Orange County Piano Teacher Faces 111 Years in Prison for Molesting 8 Students

Mar 16, 2022

A popular Orange County music teacher with extensive ties to the local community faces a 111 year prison sentence after being found guilty of molesting eight girls over the course of approximately 20 years.

John Mordecai Scott, 65, was arrested nearly eight years ago on suspicion of molesting multiple students at his Lake Forest home. Scott is also accused of childhood sexual abuse at Coast Band Music in Mission Viejo. The Los Angeles Times reported that as Orange County Sheriff’s detectives interviewed more students, the number of accusers “quickly escalated.” According to authorities, one of the childhood survivors abused in 2013 was a 5-year-old.

Scott was accused of molesting 11 young girls. On Monday, a verdict was reached in Orange County Superior Court, with Scott being convicted of 26 felony and misdemeanor counts, including:

  • Various sexual acts with minors
  • Possession of child pornography
  • Exhibiting lewd materials to minors

Scott had been out on bail via a $1 million bond since 2014, but was taken into custody earlier this week.

The Los Angeles Times reported that Scott targeted his first victim in 1996. Court documents indicate he groped the initial survivor, warning her not to tell anyone. According to the Times, trial testimony revealed Scott had the victim lie down on a piano bench while he lifted the waistband of her underwear. Six years later, as the Times confirmed, she reported the interaction to Music Makers in Rancho Santa Margarita (although Scott was no longer working there by that time).
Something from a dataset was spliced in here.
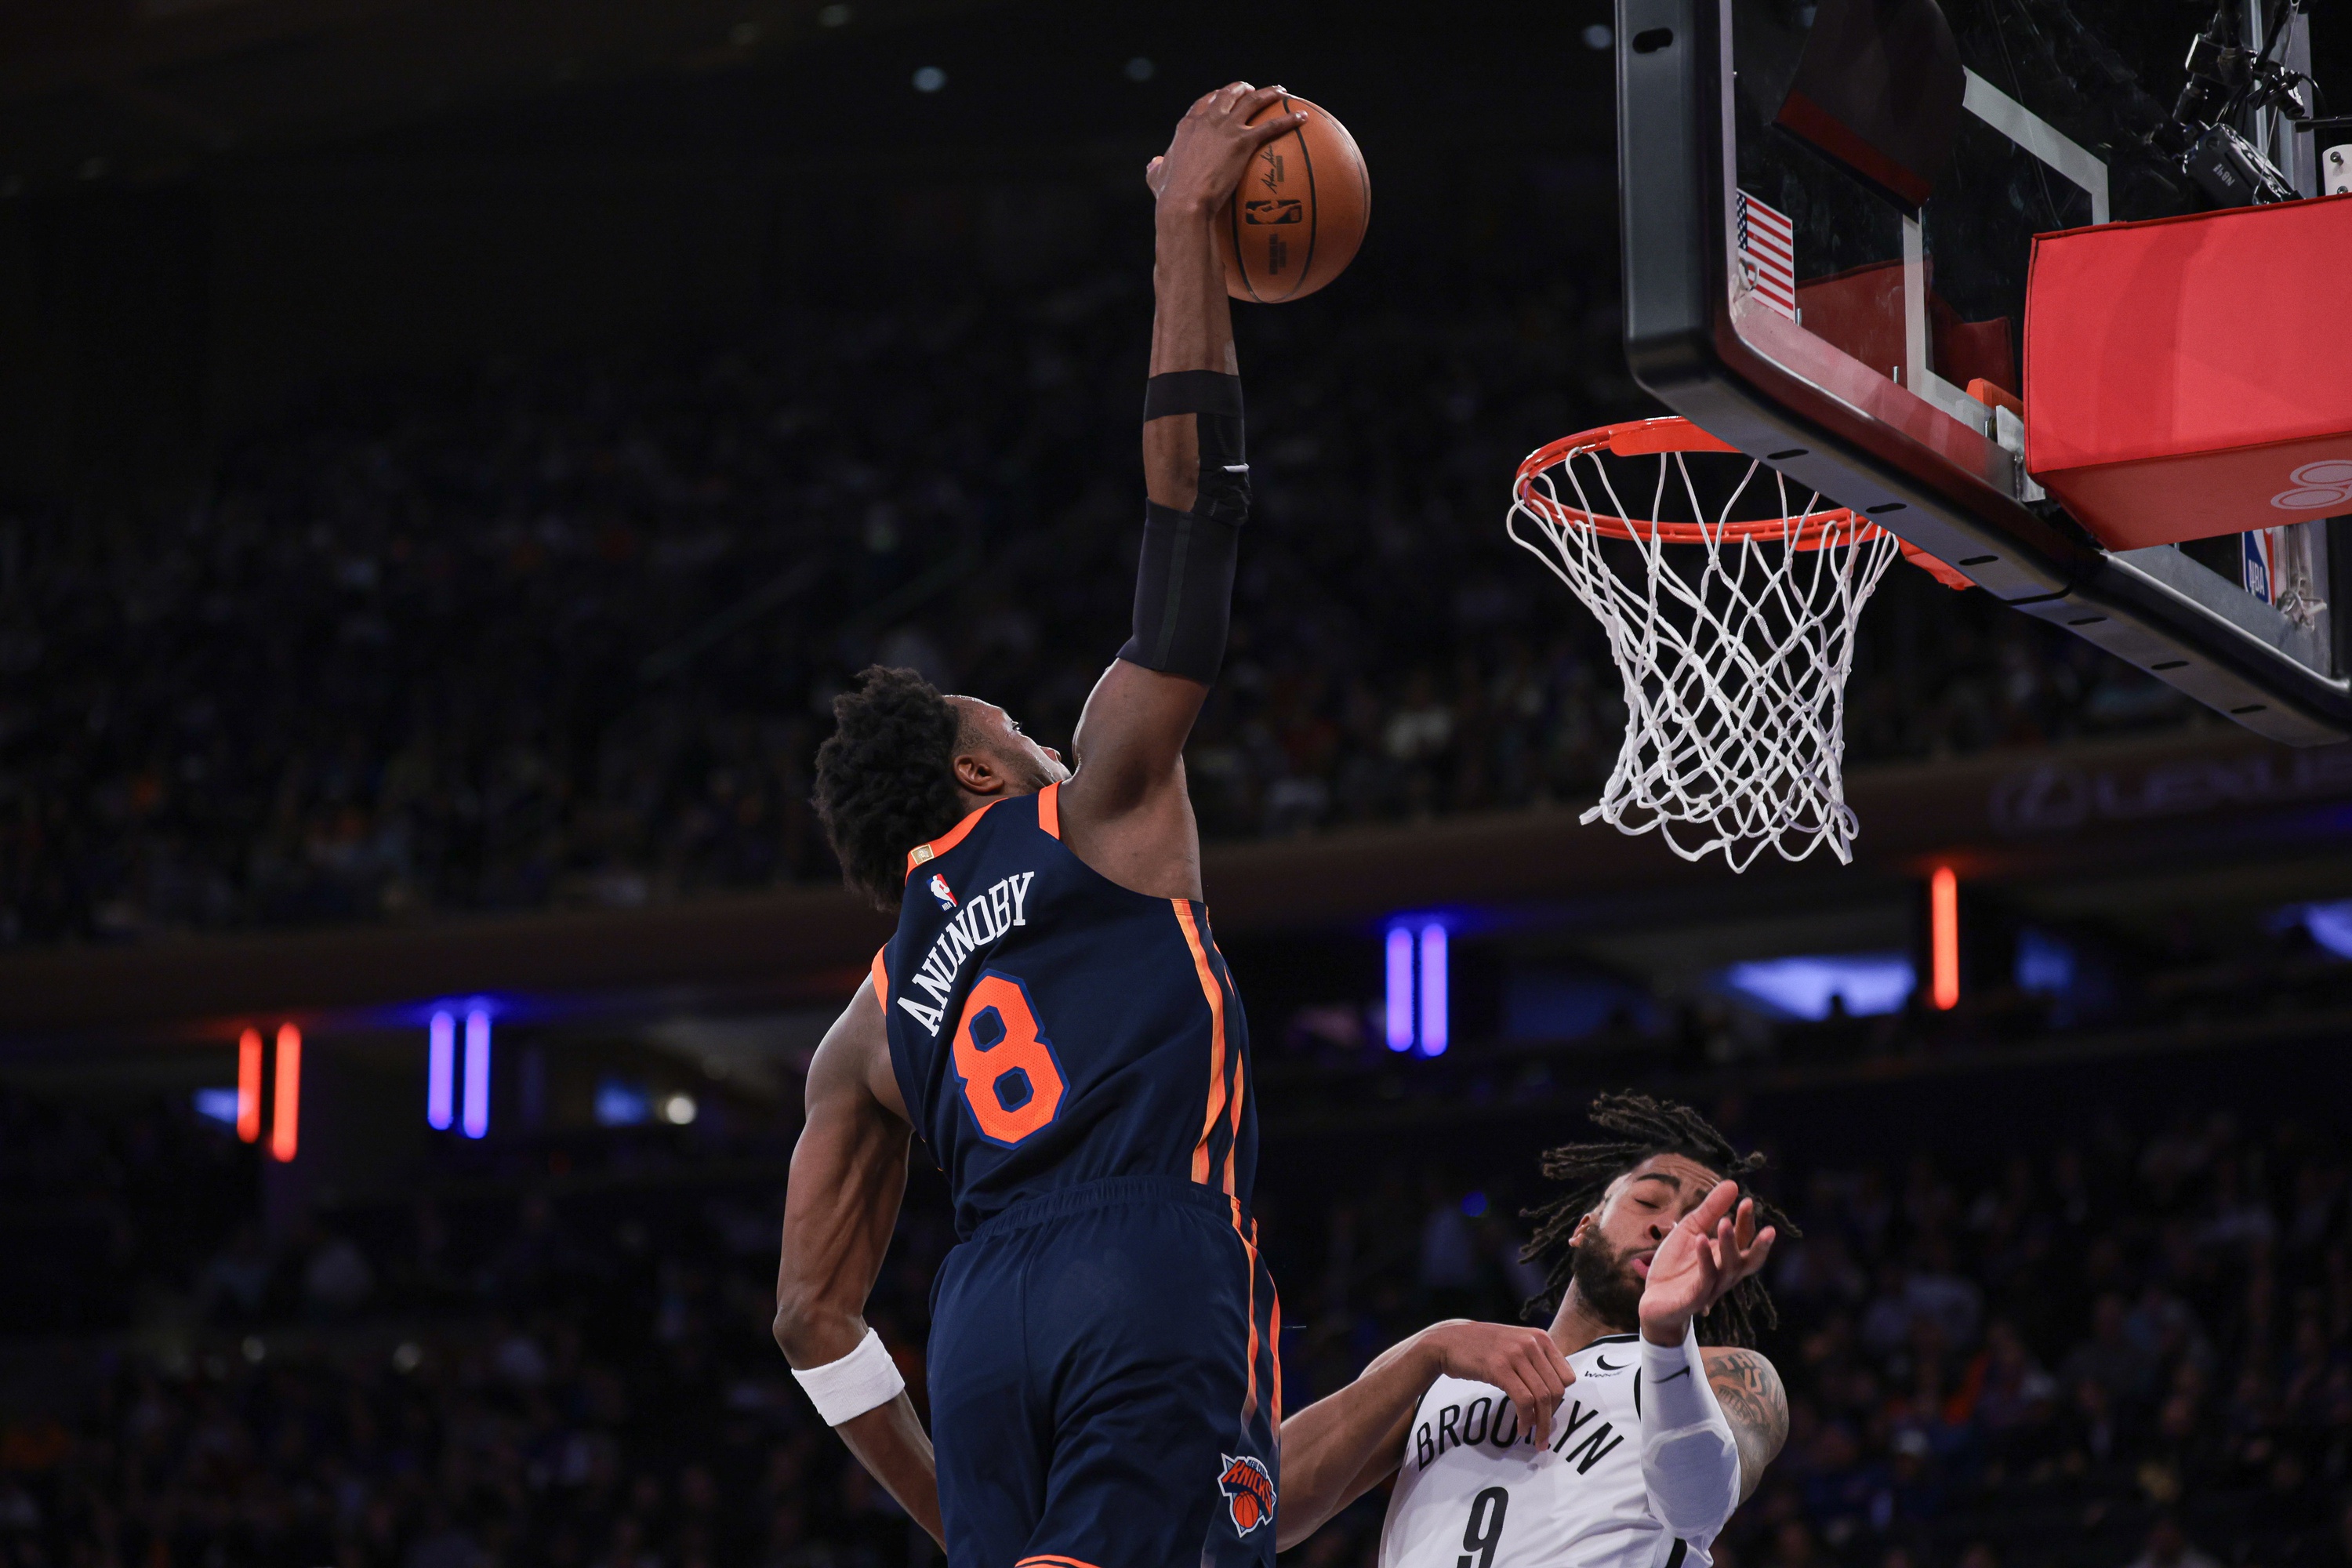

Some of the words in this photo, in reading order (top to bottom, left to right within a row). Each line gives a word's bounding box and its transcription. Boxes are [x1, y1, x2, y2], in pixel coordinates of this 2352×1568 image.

The report from the Los Angeles Times also indicated:

Many of the girls were abused at Scott’s Lake Forest home, records show. One victim was 7 years old when she started lessons. He slipped pornographic magazines into her music sheets and groped her, authorities said. Scott also forced one teen to spread her legs in a metronome exercise and showed her pornography while he molested her over and under her clothes.”

Prosecutors reportedly said that Scott used a photography room to take seminude photos of the young girls. Records also indicate that Scott specifically took pictures of one young girl at Coast Band Music in Mission Viejo. Some of the photographs featured the girl sipping water from a phallic-shaped bottle, according to court records.

Court records further indicate a history of nefarious behavior on the part of Scott, including:

  • Approaching a 17-year-old girl on the street in May 2006 and offering pay her to model for pictures. Two narcotics detectives reportedly witnessed the activity and stopped the former music teacher, but he was not charged after he said he “did not think the girl was a minor,” according to the Los Angeles Times.
  • Sexually assaulting a girl when she was 11 after claiming he was a doctor examining her. Although the girl informed her family of the assault, no charges were brought against Scott at the time.

What is Childhood Sexual Abuse Under California Law?

Children are considered minors under California law. Accordingly, a child is never able to give consent, and any sexual act involving a minor is considered abuse. Under the law, childhood sexual abuse can entail:

California law broadly defines child sexual assault as including any sexual act, such as:

  • Rape
  • Sodomy
  • Incest
  • Oral sex

Furthermore, the following actions constitute a sex crime under California law:

  • Sexual penetration with objects, fingers, or genitals
  • Contact between genitals or the mouth of one person and genitals of another
  • Intentional touching of the genitals or intimate areas
  • Masturbation in the presence of a child

Under California law, sexual exploitation of a child can also include depicting a minor in any of the aforementioned acts that are considered sexual assault. Any adult who promotes, uses, or coerces a child into participating in (or encouraging others to participate in) the following actions is committing sexual exploitation under California law:

  • Nude modeling
  • Prostitution
  • Any kind of live sexual performance

Furthermore, the law explicitly forbids any adult from coercing a child’s guardian into allowing such sexual exploitation or assault.

How Common is Teacher/Coach/Clergy Sexual Abuse?

A recent study issued by the U.S. Education Department confirmed that reports of sexual violence in schools rose more than 50% between the 2015 and 2016 school year. Such a dramatic increase in school sexual abuse, including crimes committed by teachers, has caused parents to be rightfully outraged, with many becoming more vigilant and taking steps to keep their children safe.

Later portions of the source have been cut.